Aucun signe d’une disposition à écouter des points de vue différents du sien, à donner l’impression de souhaiter une réduction de la division et de la polarisation de la société américaine. Et bien sûr une focalisation sur les boucs-émissaires favoris dans les pays qui vont mal : les étrangers et assimilés, avec une confusion volontairement entretenue entre les migrants illégaux et les criminels qui agressent les bons citoyens authentiquement Américains.

Les invités étrangers à la cérémonie d’investiture, personnalités politiques essentiellement d’extrême droite d’Argentine, de France, d’Italie, d’Allemagne, notamment, ont aussi confirmé la volonté d’assumer parfaitement la nouvelle orientation idéologique du pouvoir de Washington DC.

Des effets potentiellement désastreux du désengagement des Etats-Unis

Est-ce vraiment grave et en quoi sommes-nous vraiment concernés en Afrique ? Il y a bien sûr les possibles effets des changements de politiques commerciales des Etats-Unis, ceux des changements dans la politique d’aide au développement, de la réduction drastique des financements des Etats-Unis aux organisations internationales incarnant le multilatéralisme, à l’instar de l’Organisation mondiale de la santé, ou encore des effets potentiellement désastreux du désengagement des Etats-Unis de tous les accords et mécanismes censés lutter contre le réchauffement climatique.

Il faut anticiper toutes ces conséquences mais au-delà, l’impact le plus dévastateur est peut-être celui du signal qui est donné par la première puissance mondiale en matière de pratiques politiques internes comme de politique étrangère.

Le signal donné par la forme et le fond de la gouvernance de Donald Trump, c’est le triomphe de la politique sans scrupules, sans limite d’ordre éthique, sans considération des enjeux globaux de long terme, comme la préservation de la planète ou la réduction des inégalités extrêmes à l’échelle mondiale.

C’est le triomphe de la politique des intérêts nationaux exclusifs tels que définis par les groupes au pouvoir – des groupes qui, dans le cas de Donald Trump, ne se soucient guère de faire semblant de respecter les frontières entre intérêts publics et intérêts privés.

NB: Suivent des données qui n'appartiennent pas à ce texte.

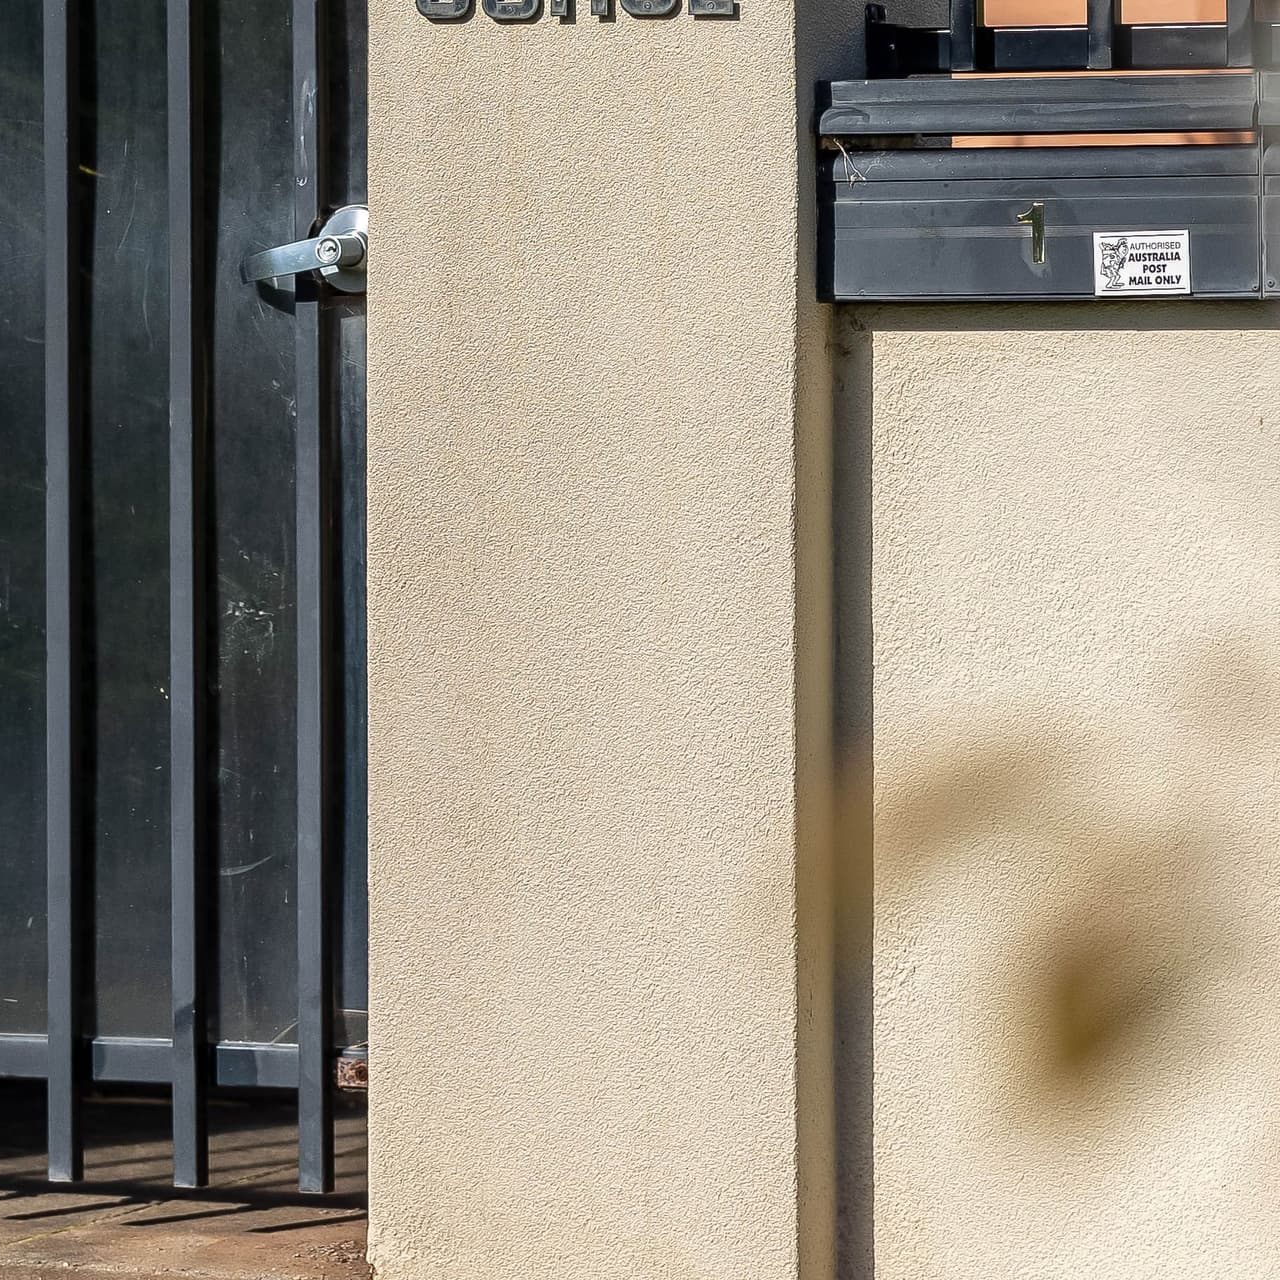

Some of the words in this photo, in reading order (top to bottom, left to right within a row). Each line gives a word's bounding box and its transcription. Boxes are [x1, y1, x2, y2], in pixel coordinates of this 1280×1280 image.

[1017, 202, 1046, 264] 1
[1129, 241, 1181, 251] AUTHORISED
[1128, 251, 1181, 263] AUSTRALIA
[1142, 263, 1168, 274] POST
[1128, 276, 1153, 286] MAIL
[1154, 275, 1182, 286] ONLY

Elon Musk et les autres riches et puissants patrons des énormes multinationales de la tech qui entourent le nouveau président annoncent une ère de dérégulation maximale aux Etats-Unis mais aussi des pressions dans le même sens partout ailleurs pour faire à peu près ce qu’ils veulent.

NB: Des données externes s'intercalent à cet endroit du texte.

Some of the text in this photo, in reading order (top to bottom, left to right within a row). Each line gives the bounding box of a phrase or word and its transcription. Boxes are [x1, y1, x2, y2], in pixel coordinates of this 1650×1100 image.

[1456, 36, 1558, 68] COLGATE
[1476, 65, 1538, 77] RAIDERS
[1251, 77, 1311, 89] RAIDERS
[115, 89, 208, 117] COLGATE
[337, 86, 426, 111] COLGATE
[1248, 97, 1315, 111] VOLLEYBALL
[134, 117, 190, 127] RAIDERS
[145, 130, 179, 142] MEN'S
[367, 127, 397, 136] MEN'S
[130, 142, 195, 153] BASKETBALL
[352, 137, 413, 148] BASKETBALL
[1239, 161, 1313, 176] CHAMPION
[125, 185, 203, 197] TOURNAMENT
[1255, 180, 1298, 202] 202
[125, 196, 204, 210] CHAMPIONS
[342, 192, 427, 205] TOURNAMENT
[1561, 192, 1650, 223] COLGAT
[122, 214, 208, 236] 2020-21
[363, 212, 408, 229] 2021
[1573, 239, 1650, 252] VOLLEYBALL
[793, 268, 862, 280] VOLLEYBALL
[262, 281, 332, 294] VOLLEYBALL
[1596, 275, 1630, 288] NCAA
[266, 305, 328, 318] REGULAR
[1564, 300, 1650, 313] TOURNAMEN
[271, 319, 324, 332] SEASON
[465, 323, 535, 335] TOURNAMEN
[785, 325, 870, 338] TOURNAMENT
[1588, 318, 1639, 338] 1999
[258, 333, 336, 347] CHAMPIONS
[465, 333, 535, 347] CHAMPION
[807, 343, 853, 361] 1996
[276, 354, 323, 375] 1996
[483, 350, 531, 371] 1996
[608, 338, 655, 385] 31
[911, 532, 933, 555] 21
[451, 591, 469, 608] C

Une personnalité comme Joseph Stiglitz, prix Nobel d’économie, parle de « libertariens qui veulent maximiser leurs profits, payer le moins d’impôts possible, polluer l’écosystème de l’information, torpiller la démocratie ». Il n’hésite pas à parler d’une oligarchie dangereuse pour les Etats-Unis et pour le monde.

Afrique de l’ouest, un séisme politique régional

En Afrique de l’Ouest, comme aux Etats-Unis, l’état politique du moment n’est pas le fruit du hasard ni de développements récents inexplicables. Il est l’épilogue provisoire de tendances de longue durée et d’une accélération au cours des dernières années.

En Afrique de l’Ouest, ce 29 janvier, le Mali, le Niger et le Burkina Faso quittent formellement la CEDEAO qui passera de 15 à 12 pays membres. C’est un séisme politique régional. Épilogue avant tout de ce qui n’a pas été fait dans chacun des pays membres, en commençant par les plus importants à l’instar du Nigeria, en trois décennies.

Résultat de la faiblesse des systèmes d’éducation et de formation qui ont façonné les esprits, les valeurs et les aptitudes des civils comme des militaires. Résultat aussi de l’abandon des sociétés ouest-africaines à elles-mêmes, en particulier dans les zones rurales. La crise de la CEDEAO est avant tout la conséquence de l’affaiblissement ou de la trop faible consolidation politique et économique de la majorité des États membres.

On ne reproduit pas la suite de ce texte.